| STUDY MATERIAL |

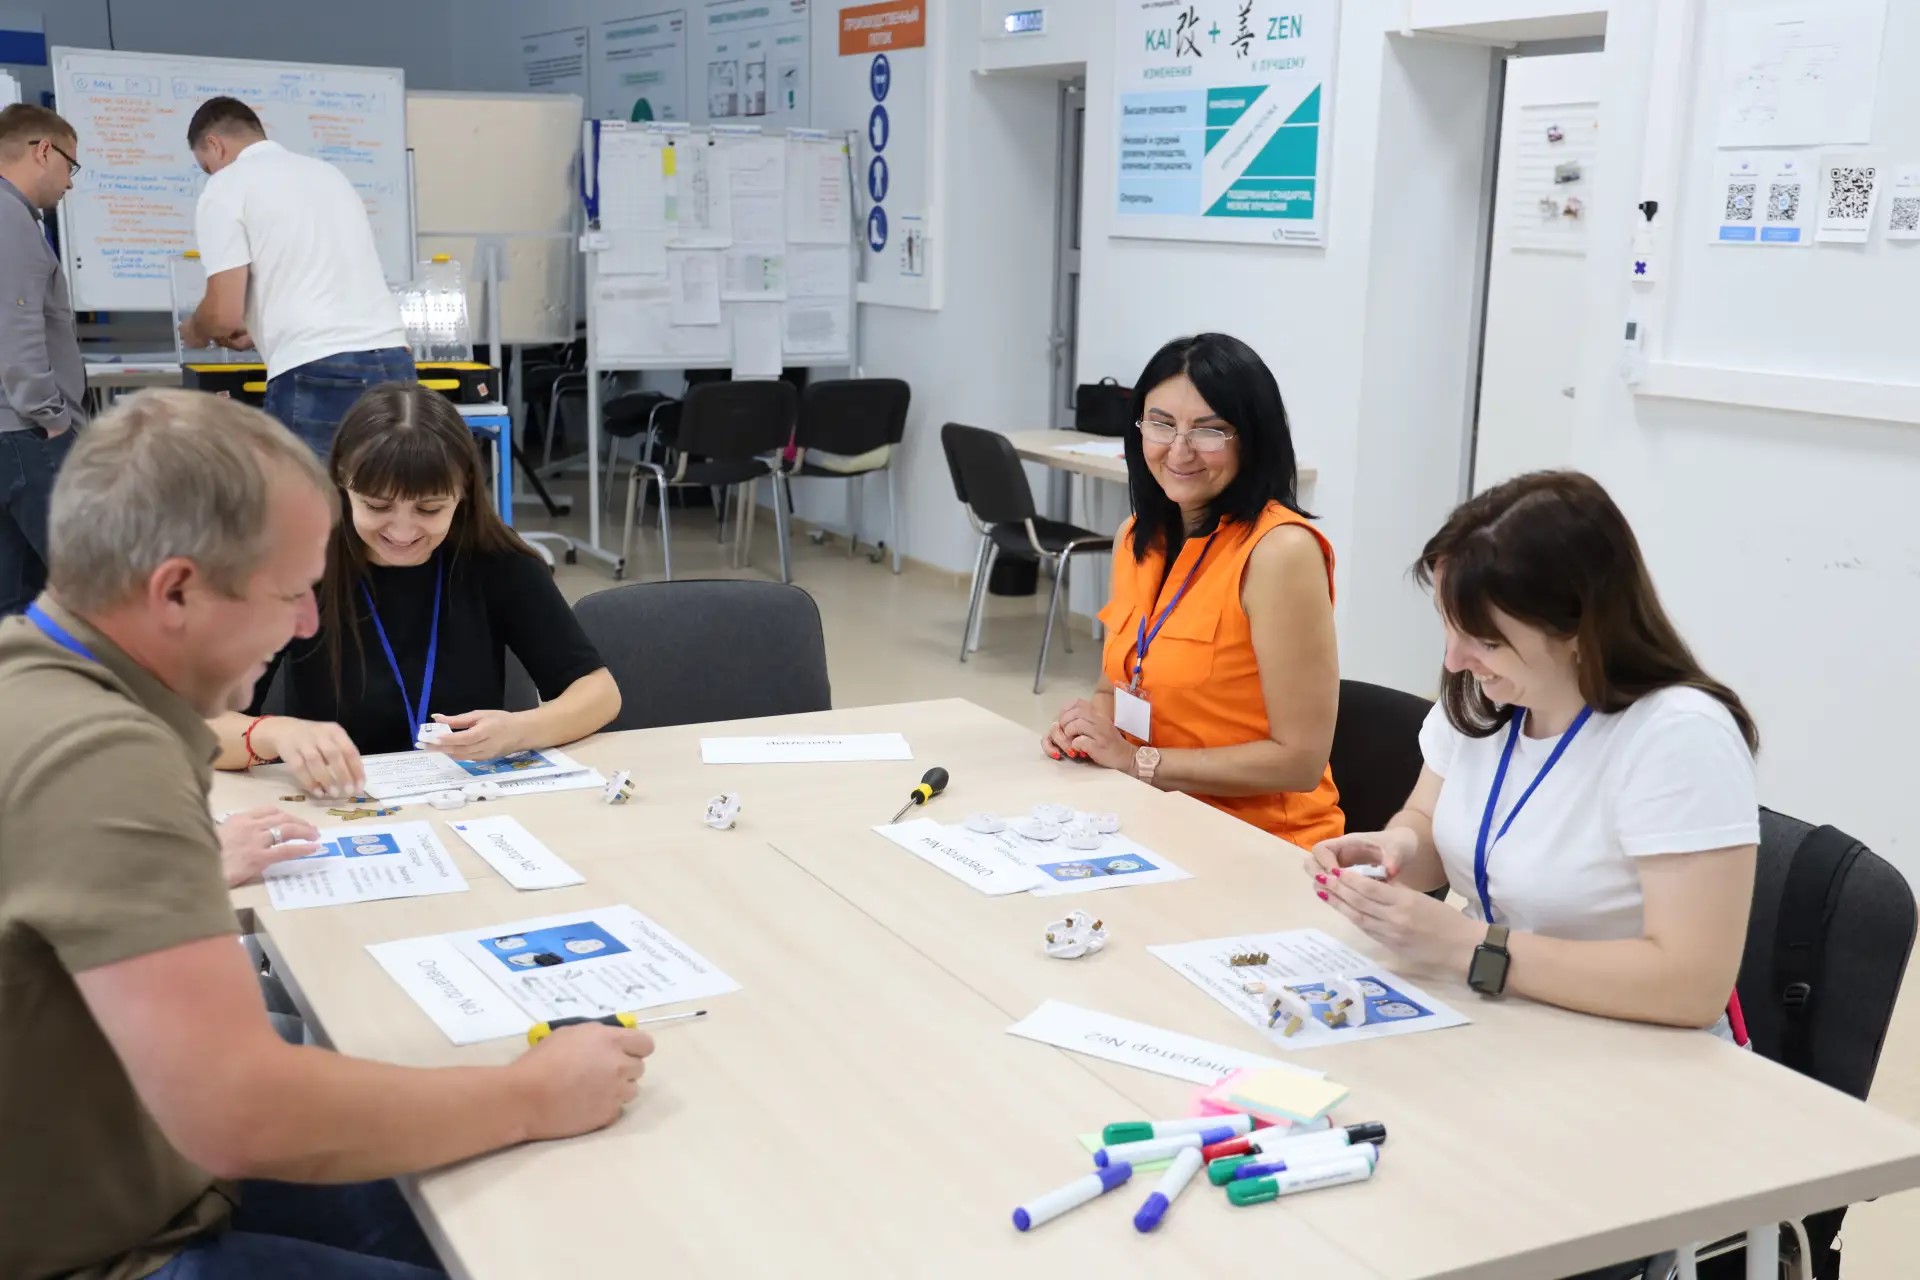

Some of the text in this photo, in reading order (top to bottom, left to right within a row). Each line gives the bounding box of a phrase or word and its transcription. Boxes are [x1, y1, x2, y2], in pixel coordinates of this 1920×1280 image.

[1145, 29, 1172, 51] KAI
[1176, 5, 1202, 57] 改
[1267, 15, 1303, 41] ZEN
[1259, 57, 1306, 71] ЛУЧШЕМУ
[1084, 1031, 1127, 1048] №2
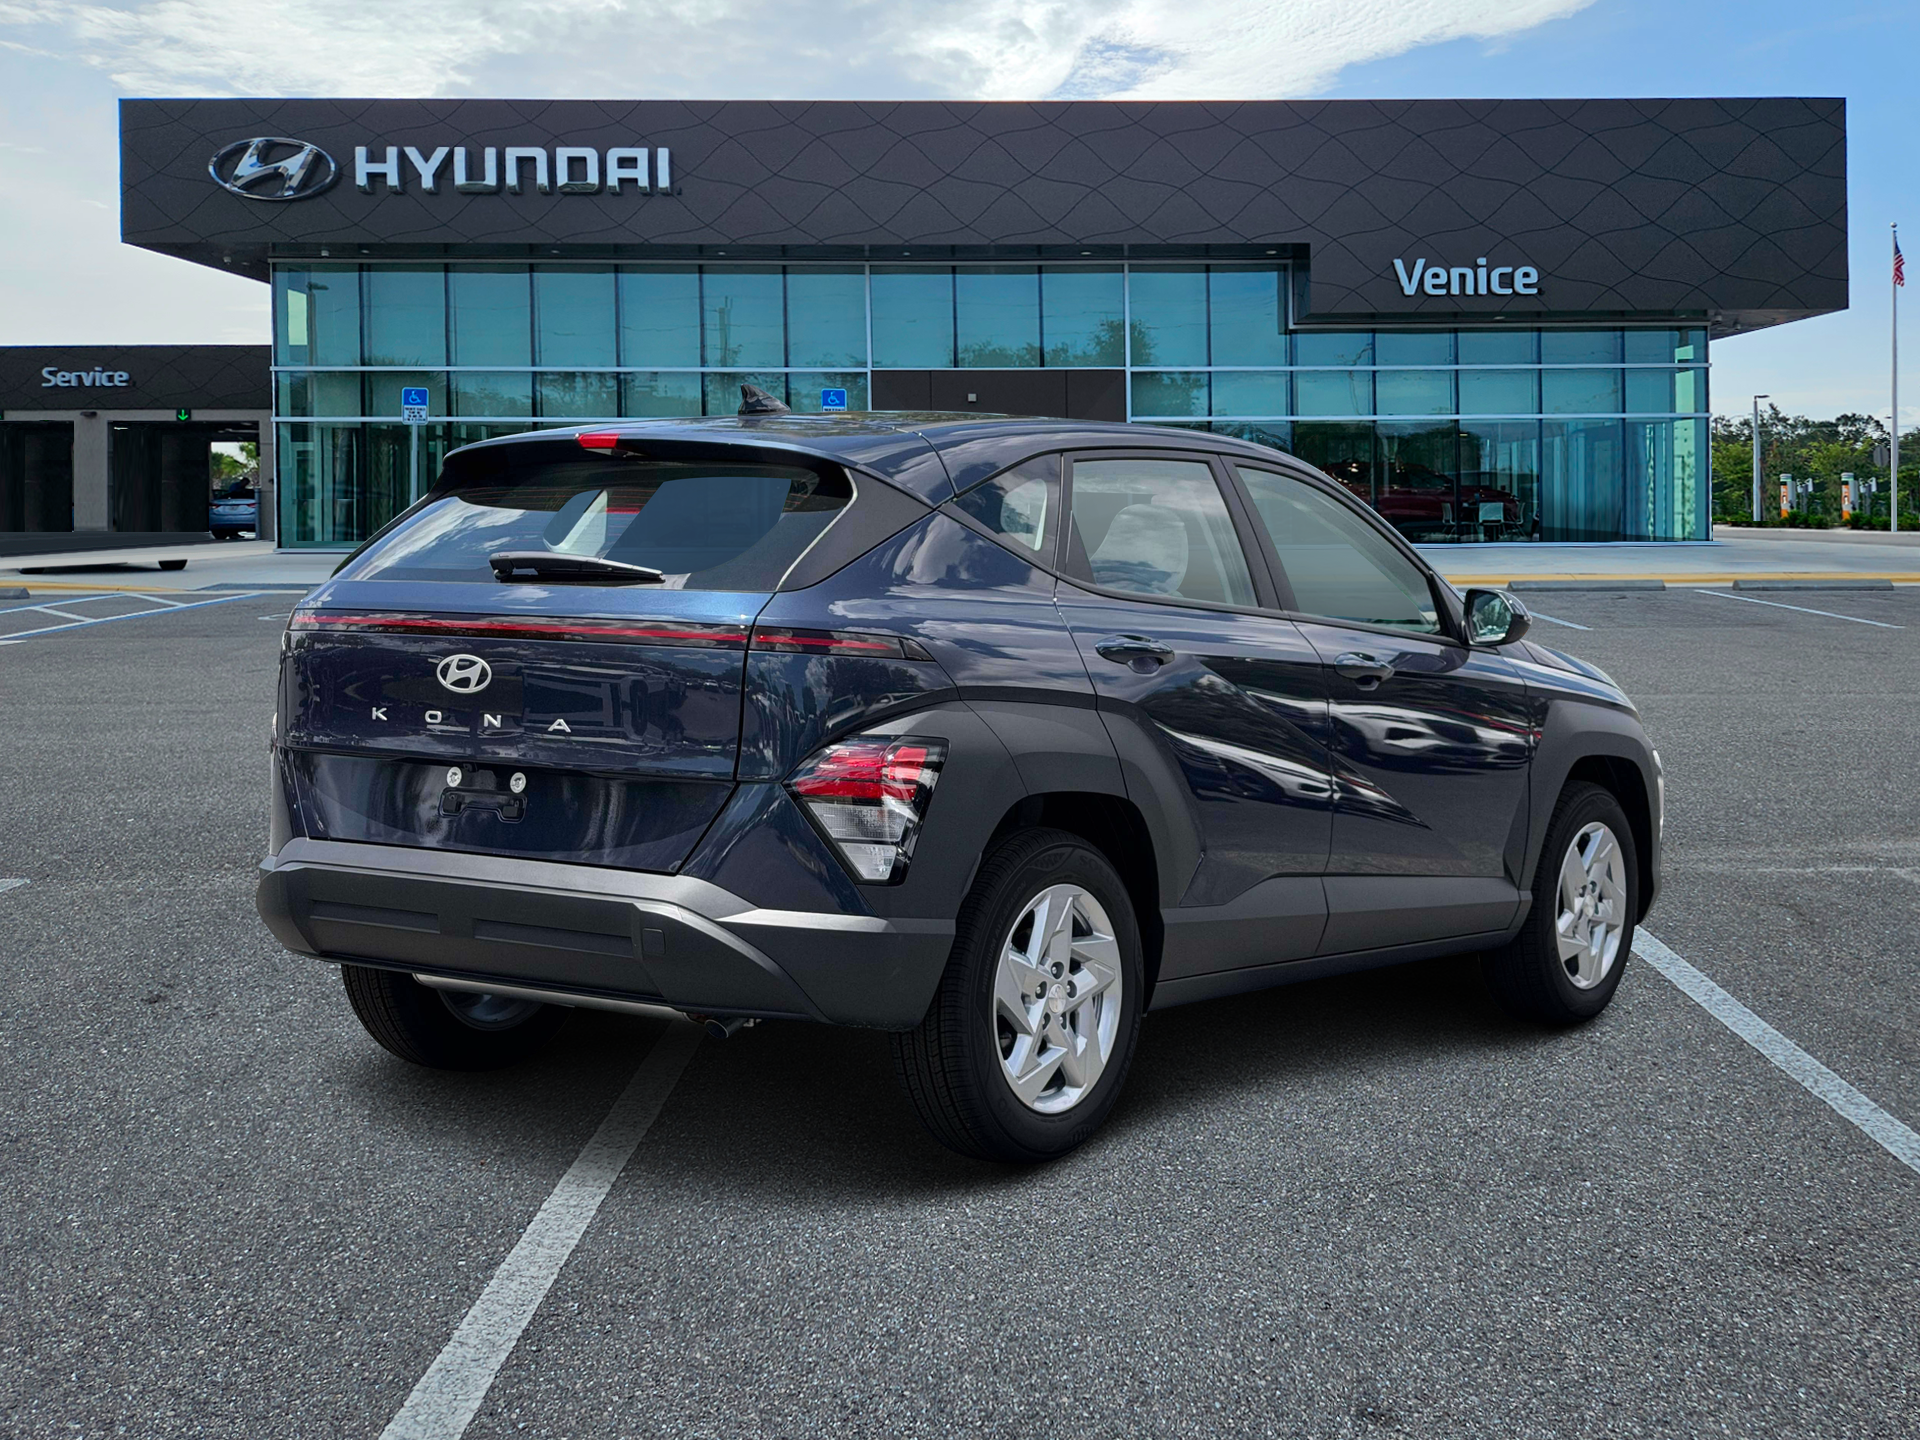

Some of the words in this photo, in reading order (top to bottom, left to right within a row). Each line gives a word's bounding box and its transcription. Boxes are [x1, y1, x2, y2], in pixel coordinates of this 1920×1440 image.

[354, 145, 672, 195] HYUNDAI
[1392, 257, 1540, 296] Venice
[41, 366, 130, 387] Service
[371, 706, 572, 733] KONA

| WHAT TO DO |
Reply with exactly the lines above from the one that contains "Some of the words" through the final line of the material, and with nothing else.

| RESPONSE AREA |
Some of the words in this photo, in reading order (top to bottom, left to right within a row). Each line gives a word's bounding box and its transcription. Boxes are [x1, y1, x2, y2], in pixel coordinates of this 1920×1440 image.

[354, 145, 672, 195] HYUNDAI
[1392, 257, 1540, 296] Venice
[41, 366, 130, 387] Service
[371, 706, 572, 733] KONA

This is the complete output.